Phrase grounding data
* * *

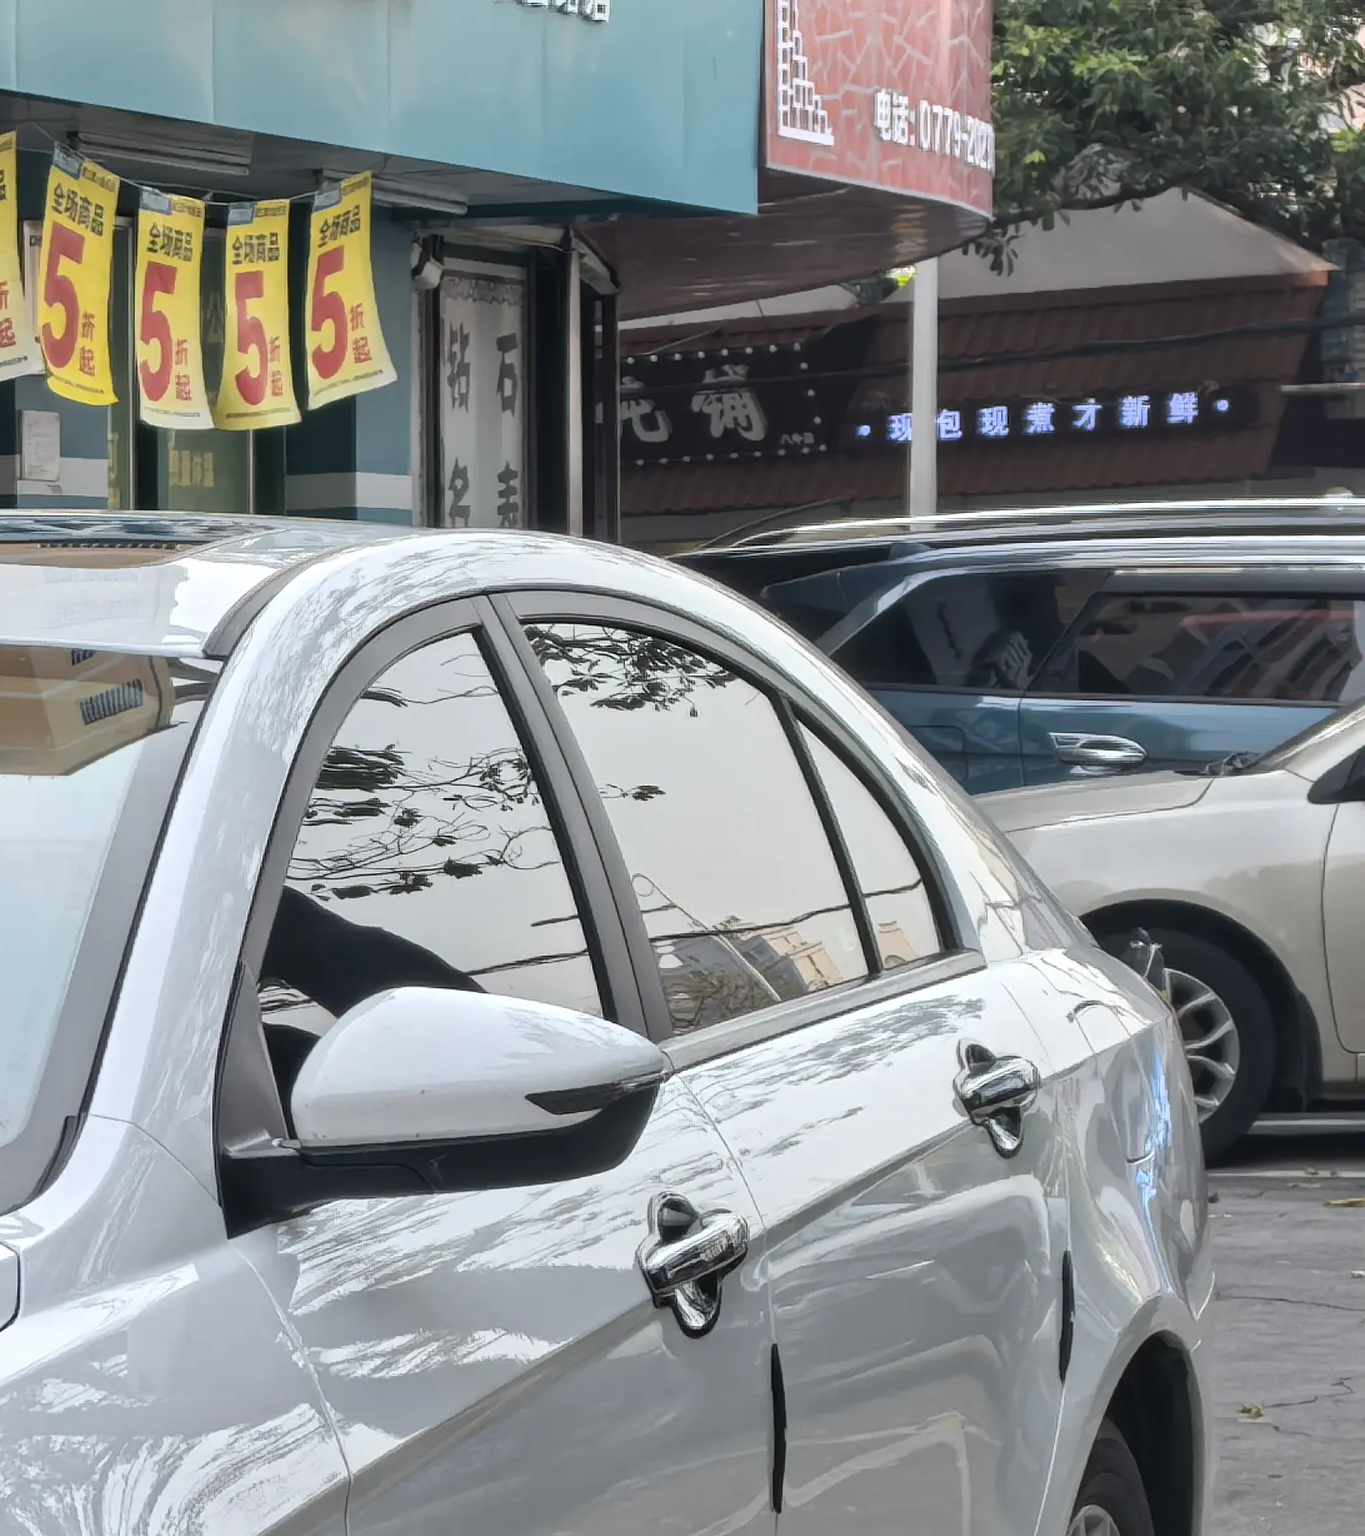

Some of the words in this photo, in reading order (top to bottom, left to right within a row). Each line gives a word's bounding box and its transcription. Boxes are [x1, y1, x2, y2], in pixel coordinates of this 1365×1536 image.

[40, 221, 86, 369] 5
[78, 310, 96, 377] 折起
[140, 260, 178, 402] 5
[174, 338, 192, 401] 折起
[234, 269, 269, 405] 5
[268, 337, 284, 398] 折起
[310, 247, 349, 381] 5
[349, 302, 373, 365] 折起
[886, 391, 1199, 443] 现包现煮才新鲜
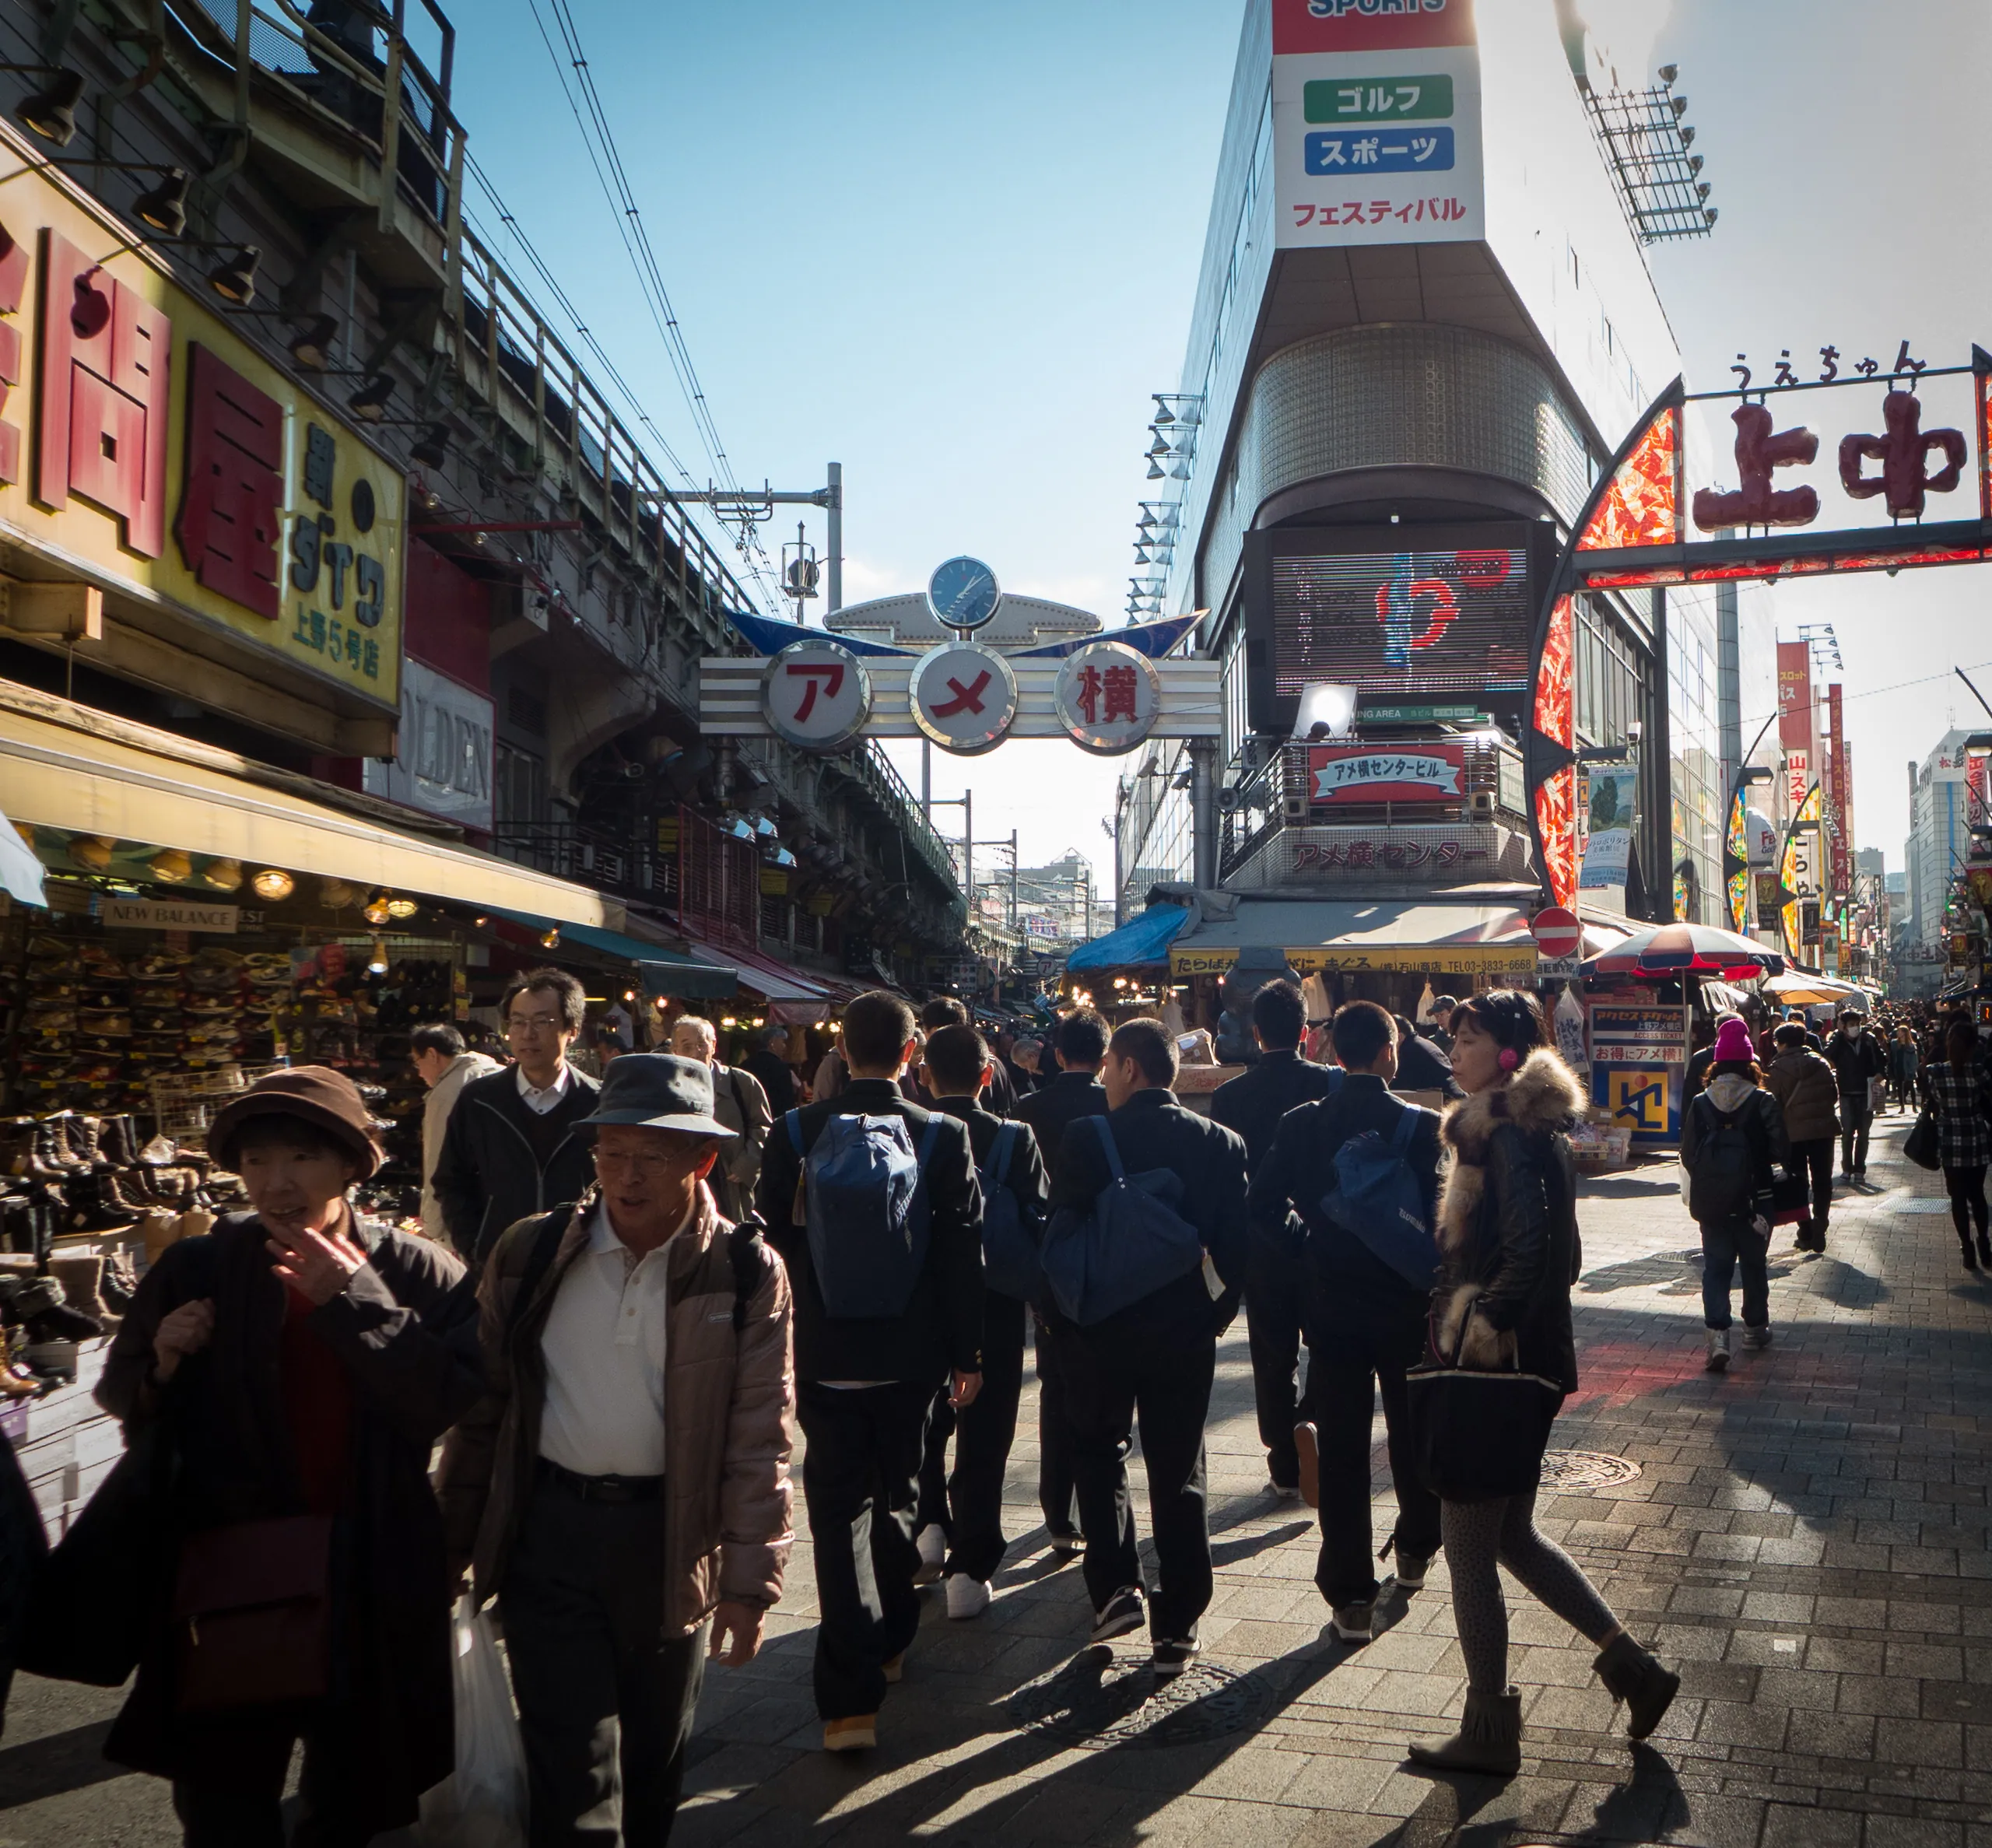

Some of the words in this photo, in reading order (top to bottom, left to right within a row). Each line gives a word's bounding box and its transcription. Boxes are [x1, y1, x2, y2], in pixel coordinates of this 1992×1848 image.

[1338, 86, 1421, 114] ゴルフ
[1320, 137, 1438, 167] スポーツ
[1293, 197, 1467, 227] フェスティバル
[1730, 340, 1927, 390] うえちゅん
[1692, 390, 1968, 533] 上中
[786, 663, 1139, 724] アメ横
[1375, 709, 1401, 719] AREA
[1334, 759, 1440, 781] アメ横センタービル
[1789, 755, 1806, 813] 山・スキ
[1292, 839, 1488, 871] アメ横センター
[113, 905, 151, 920] NEW
[156, 908, 230, 926] BALANCE
[1595, 1047, 1682, 1062] お得にアメ横!

* * *

Restate the records above in full, word for word. Keep pictures out.

Some of the words in this photo, in reading order (top to bottom, left to right within a row). Each line gives a word's bounding box and its transcription. Boxes are [x1, y1, x2, y2], in pixel coordinates of this 1365×1536 image.

[40, 221, 86, 369] 5
[78, 310, 96, 377] 折起
[140, 260, 178, 402] 5
[174, 338, 192, 401] 折起
[234, 269, 269, 405] 5
[268, 337, 284, 398] 折起
[310, 247, 349, 381] 5
[349, 302, 373, 365] 折起
[886, 391, 1199, 443] 现包现煮才新鲜

Some of the words in this photo, in reading order (top to bottom, left to right within a row). Each line gives a word's bounding box and its transcription. Boxes are [x1, y1, x2, y2], in pixel coordinates of this 1992×1848 image.

[1338, 86, 1421, 114] ゴルフ
[1320, 137, 1438, 167] スポーツ
[1293, 197, 1467, 227] フェスティバル
[1730, 340, 1927, 390] うえちゅん
[1692, 390, 1968, 533] 上中
[786, 663, 1139, 724] アメ横
[1375, 709, 1401, 719] AREA
[1334, 759, 1440, 781] アメ横センタービル
[1789, 755, 1806, 813] 山・スキ
[1292, 839, 1488, 871] アメ横センター
[113, 905, 151, 920] NEW
[156, 908, 230, 926] BALANCE
[1595, 1047, 1682, 1062] お得にアメ横!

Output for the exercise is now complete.